[Dataset excerpts]

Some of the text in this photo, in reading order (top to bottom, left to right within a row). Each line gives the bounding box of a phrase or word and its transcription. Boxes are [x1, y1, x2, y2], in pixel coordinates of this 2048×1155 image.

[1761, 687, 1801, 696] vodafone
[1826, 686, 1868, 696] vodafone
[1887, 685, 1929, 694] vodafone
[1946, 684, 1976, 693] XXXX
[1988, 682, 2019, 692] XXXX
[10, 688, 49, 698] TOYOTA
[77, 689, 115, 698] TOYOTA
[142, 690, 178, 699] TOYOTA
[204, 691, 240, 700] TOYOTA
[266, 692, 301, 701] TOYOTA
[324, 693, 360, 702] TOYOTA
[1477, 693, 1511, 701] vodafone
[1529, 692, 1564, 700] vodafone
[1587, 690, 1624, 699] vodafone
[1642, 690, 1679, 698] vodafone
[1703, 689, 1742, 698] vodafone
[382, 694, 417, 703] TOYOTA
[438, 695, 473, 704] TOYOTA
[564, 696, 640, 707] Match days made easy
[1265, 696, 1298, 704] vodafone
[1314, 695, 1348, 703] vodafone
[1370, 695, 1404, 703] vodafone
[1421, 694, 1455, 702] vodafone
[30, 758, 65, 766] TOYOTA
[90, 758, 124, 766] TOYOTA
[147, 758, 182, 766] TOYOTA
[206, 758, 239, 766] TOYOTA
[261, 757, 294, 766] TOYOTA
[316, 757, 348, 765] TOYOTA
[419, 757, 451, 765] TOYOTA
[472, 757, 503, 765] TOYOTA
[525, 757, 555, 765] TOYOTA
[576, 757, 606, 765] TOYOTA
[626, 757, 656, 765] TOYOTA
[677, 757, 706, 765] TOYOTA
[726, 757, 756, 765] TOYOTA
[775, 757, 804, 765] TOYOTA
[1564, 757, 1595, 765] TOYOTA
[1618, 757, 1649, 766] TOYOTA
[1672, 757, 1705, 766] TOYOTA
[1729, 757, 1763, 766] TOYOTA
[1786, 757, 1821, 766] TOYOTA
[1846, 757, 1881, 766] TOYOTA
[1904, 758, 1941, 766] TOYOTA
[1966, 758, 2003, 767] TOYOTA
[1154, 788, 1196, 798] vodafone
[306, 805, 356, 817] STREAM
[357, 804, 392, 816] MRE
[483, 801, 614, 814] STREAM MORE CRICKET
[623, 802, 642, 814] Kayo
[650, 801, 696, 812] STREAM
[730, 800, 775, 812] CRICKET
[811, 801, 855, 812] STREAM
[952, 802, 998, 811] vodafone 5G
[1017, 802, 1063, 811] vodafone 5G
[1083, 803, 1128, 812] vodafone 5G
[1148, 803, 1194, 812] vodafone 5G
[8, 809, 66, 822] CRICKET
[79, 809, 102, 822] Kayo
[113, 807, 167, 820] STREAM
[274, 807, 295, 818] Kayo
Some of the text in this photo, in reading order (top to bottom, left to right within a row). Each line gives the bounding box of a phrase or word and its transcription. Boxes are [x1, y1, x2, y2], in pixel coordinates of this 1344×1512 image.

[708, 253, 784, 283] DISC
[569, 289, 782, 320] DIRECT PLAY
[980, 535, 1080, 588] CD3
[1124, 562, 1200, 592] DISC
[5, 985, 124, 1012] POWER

# YOUR ASSIGNMENT
Take the line holding "this 1344×1512 image." and all lines after it through the end of the data, and set them down exactly.

# WORKED SOLUTION
Some of the text in this photo, in reading order (top to bottom, left to right within a row). Each line gives the bounding box of a phrase or word and its transcription. Boxes are [x1, y1, x2, y2], in pixel coordinates of this 1344×1512 image.

[708, 253, 784, 283] DISC
[569, 289, 782, 320] DIRECT PLAY
[980, 535, 1080, 588] CD3
[1124, 562, 1200, 592] DISC
[5, 985, 124, 1012] POWER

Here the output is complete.